Finding Structure in freewheeling text
It sounds straight out of a science fiction movie: a physician talking to a computer as if talking to another human colleague. No worries about citing the right medical code or struggling with arduous drop-down menus. Just talking naturally while the computer translates it into the right coding data and regulatory details. Such is the distant promise of natural language processing. In the meantime, data warehouse architect Reed Barney has developed a poor-man’s version of it literally overnight, and it’s proving to be a valuable way to capture critical information from volumes of difficult-to-use, unstructured data spanning our entire enterprise – from the billing office to the research lab to the hospital room.
Barney created the tool in a 24-hour turnaround to make it easier for clinical researchers to mine our data warehouse. It may never have been put to broader use if he hadn’t met Chief Medical Utilization Officer Russell Vinik, M.D., and data engineer John Arego. The two were working on a coding process when they heard about Barney’s search tool and were struck by its ability to automatically search unstructured, free text for meaningful, discrete data points. Barney’s unassuming tool, they realized, could be the answer to their medical coding challenges – and shortly thereafter, “WartHog” was born. “It’s not pretty, but it’s powerful,” says Barney of the name choice.
WartHog can instantly pull data from EHRs – medical orders, vitals, lab results and radiology reports – with a simple keyword search. “The processes for entering discrete data in the EHR are slow, and they come at the expense of provider productivity,” says Vinik. “With WartHog, providers aren’t required to point and click everything. It helps us tell a more accurate story about patient acuity and demonstrate just how good our care really is.”

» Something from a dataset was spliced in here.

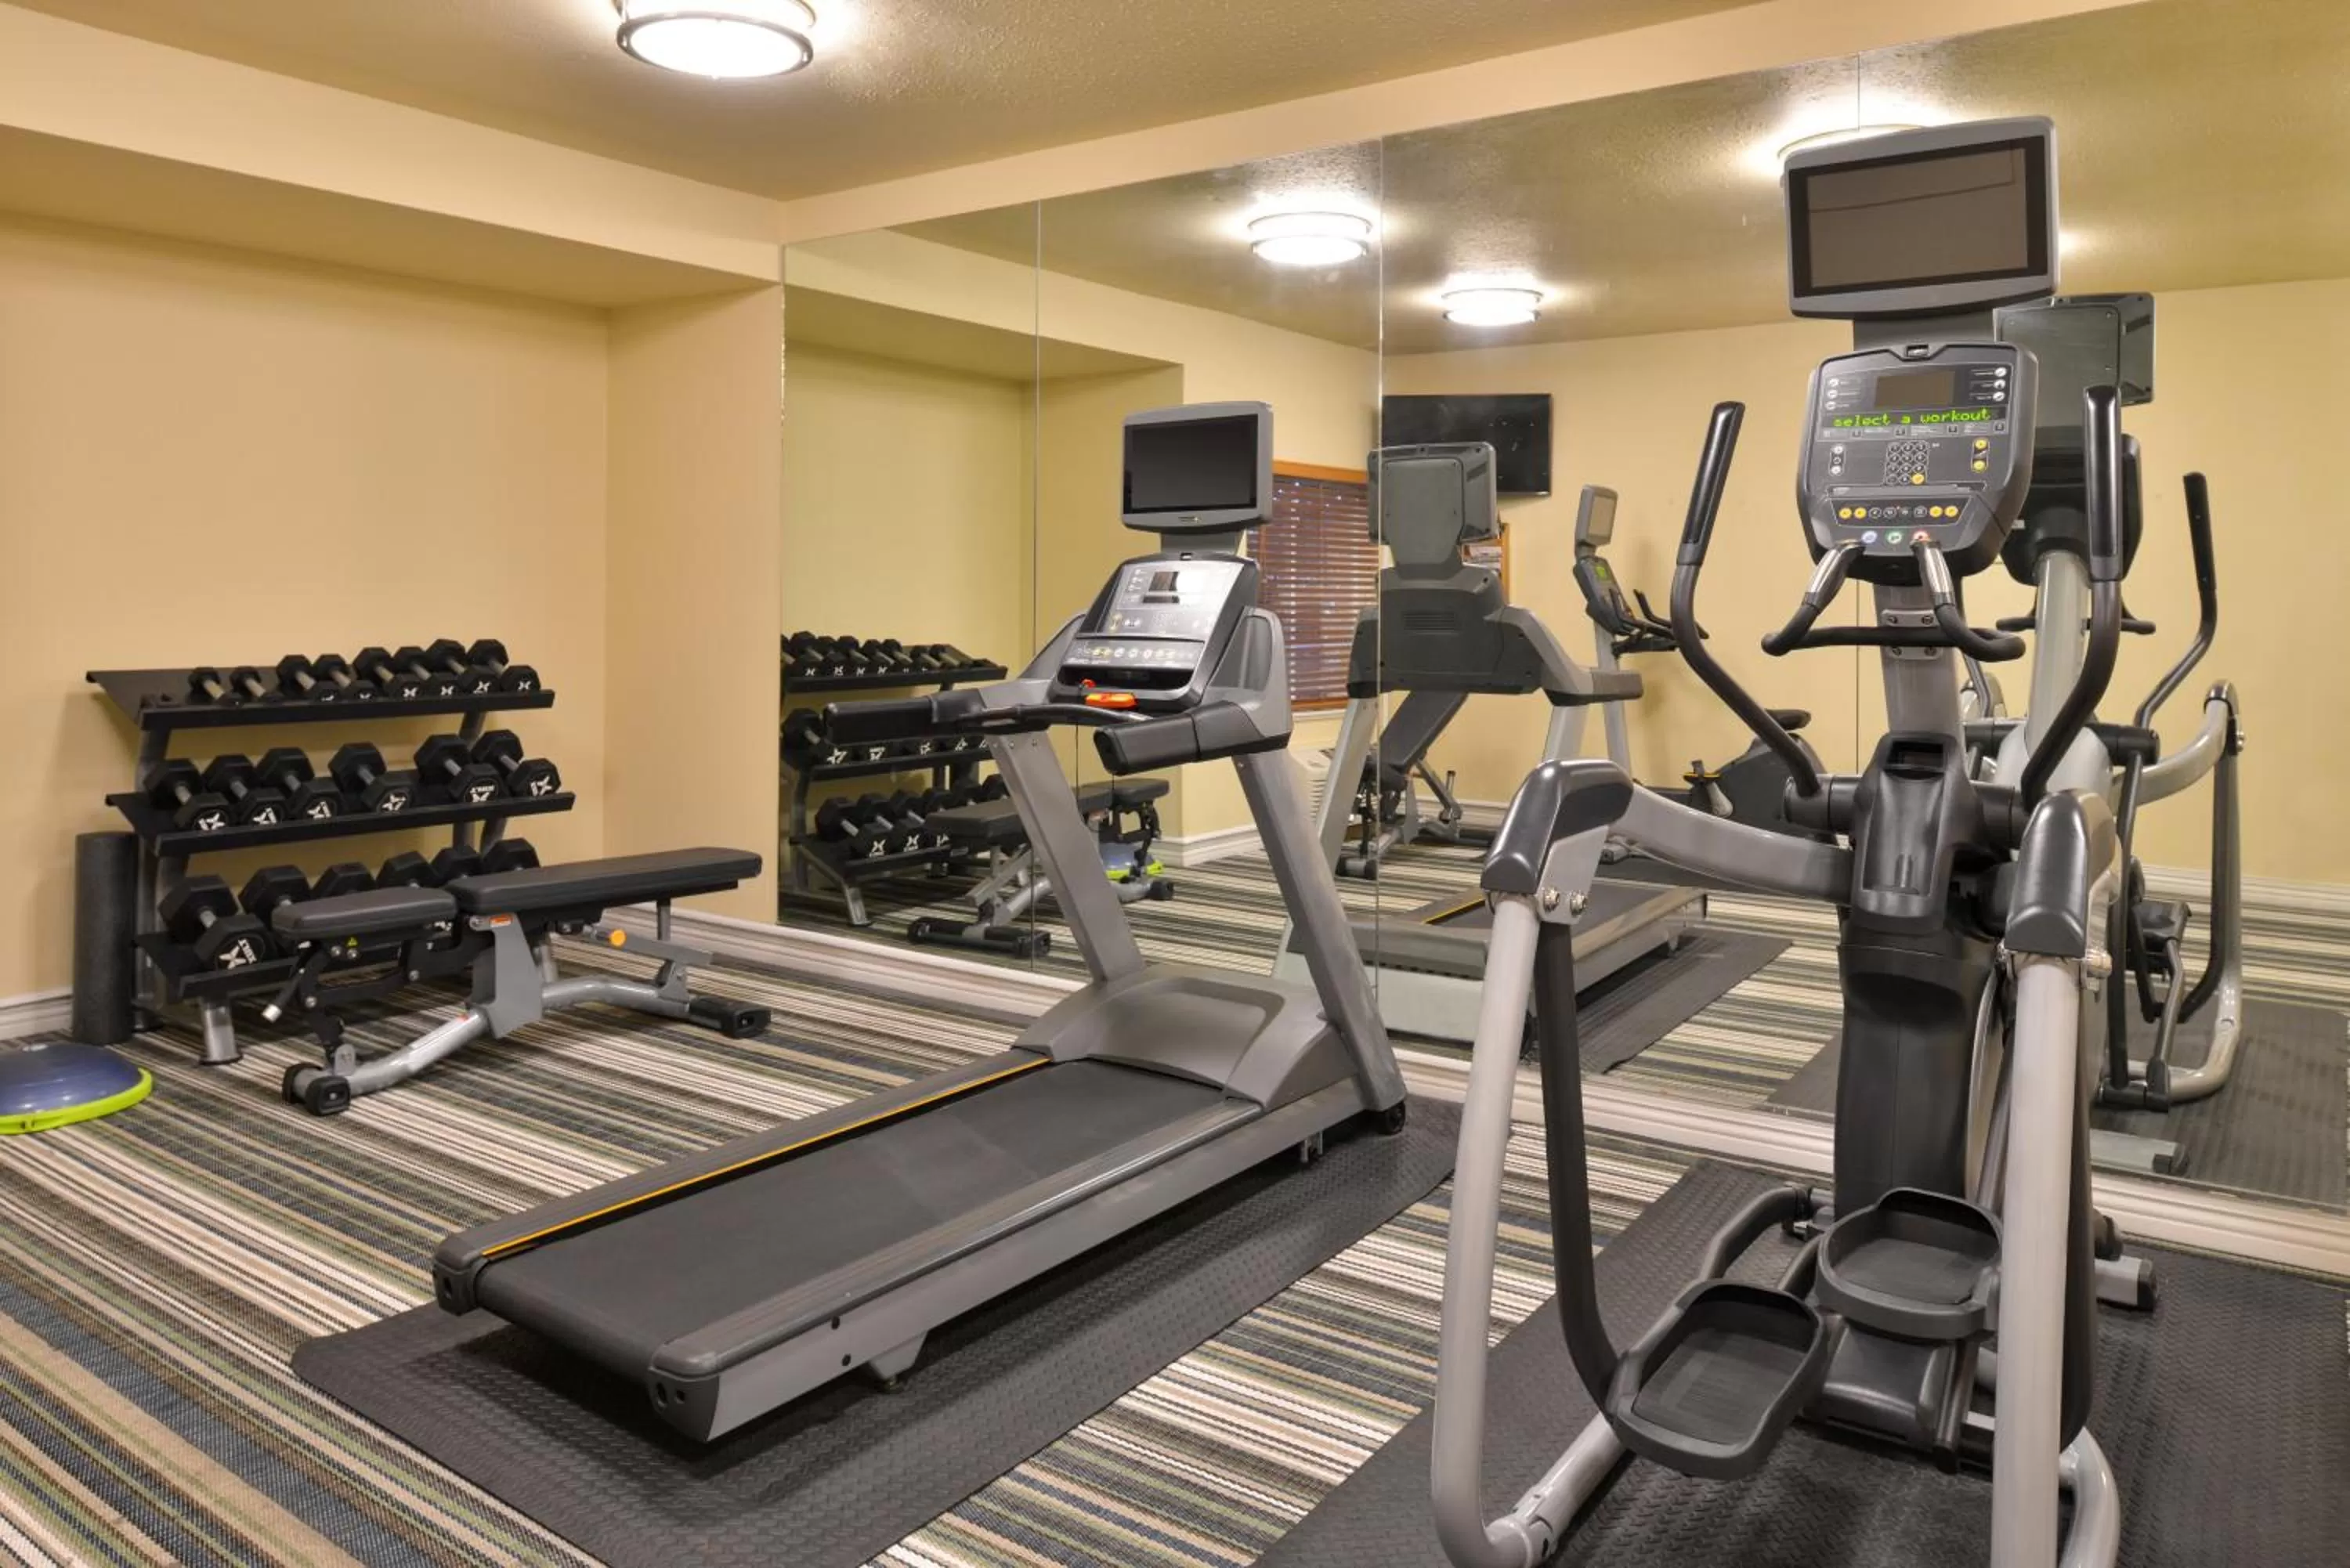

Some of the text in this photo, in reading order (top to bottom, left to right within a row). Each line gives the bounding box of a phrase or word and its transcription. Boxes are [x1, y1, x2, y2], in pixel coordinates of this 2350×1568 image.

[1833, 407, 1991, 427] select a workout
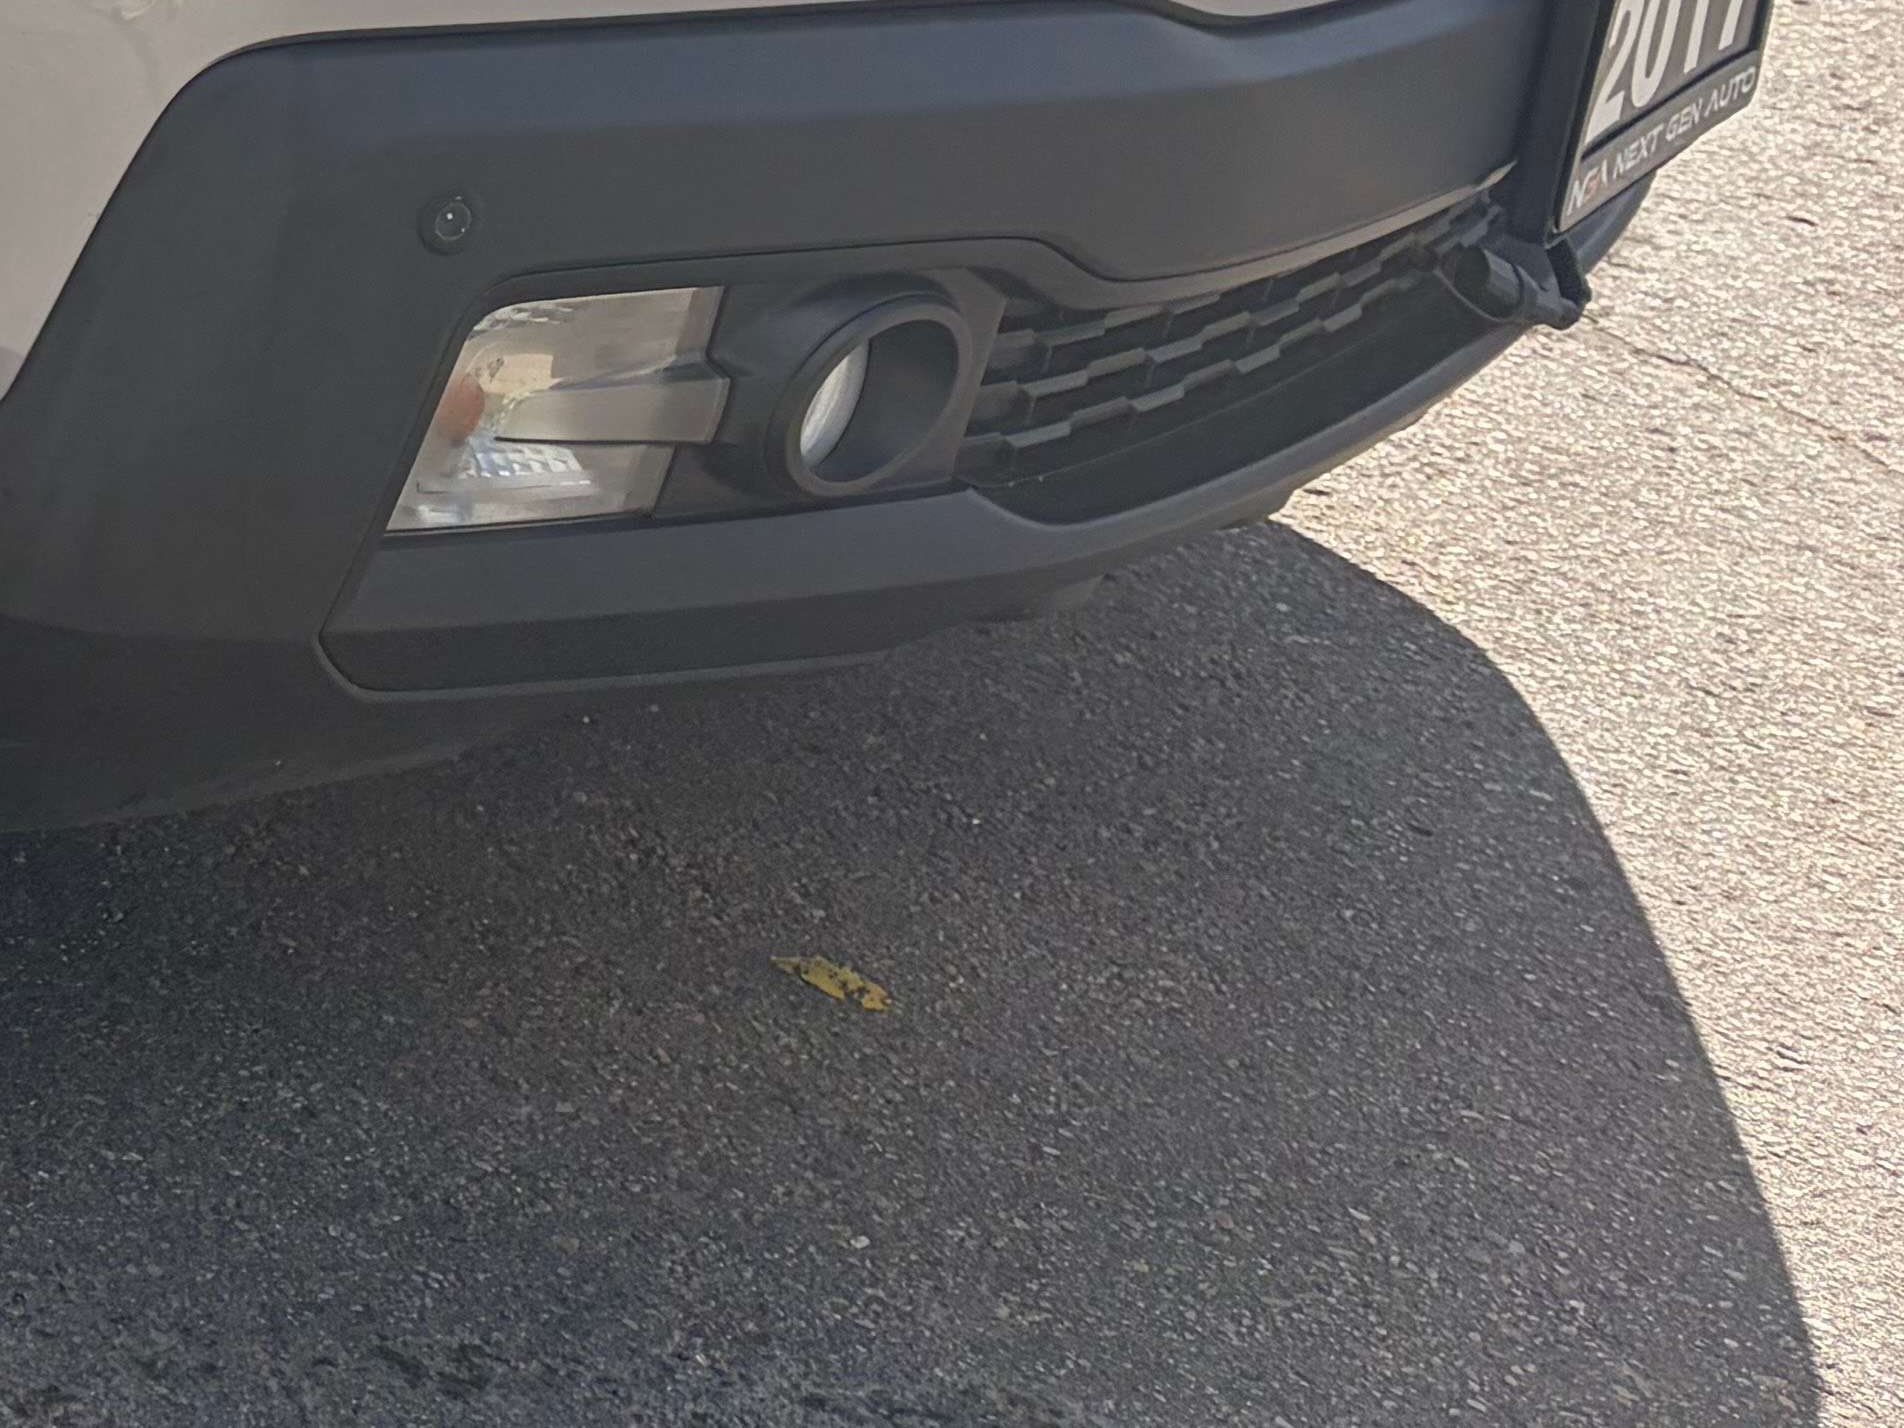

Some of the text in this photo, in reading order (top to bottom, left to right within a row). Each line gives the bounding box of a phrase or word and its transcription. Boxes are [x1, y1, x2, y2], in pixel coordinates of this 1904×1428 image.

The program has saved thousands of staff hours previously spent on manual searches of text notes, and it’s responsible for adding $5 million to our hospital’s bottom line in one year alone. However, this only scratches the surface of its clinical and research potential. WartHog is being used in dozens of projects throughout our academic medical center. The Pharmacotherapy Outcomes Research Center uses the tool to find text terms associated with chemotherapy drugs so they can make quick, accurate evaluations of each drug based on cost and patient satisfaction. A deep vein thrombosis research group used WartHog to find qualified study participants in 10 minutes, instead of manually searching medical records for days. Future applications include using the tool to identify in real-time type 1 diabetes patients throughout the hospital to help monitor their insulin.
Can WartHog ever shed its brusque exterior and transform into something more like an elegant thoroughbred? “It doesn’t use fancy natural language processing algorithms, but it works,” says Barney. It’s a solution for now, and it’s quietly taking medicine and science into the future.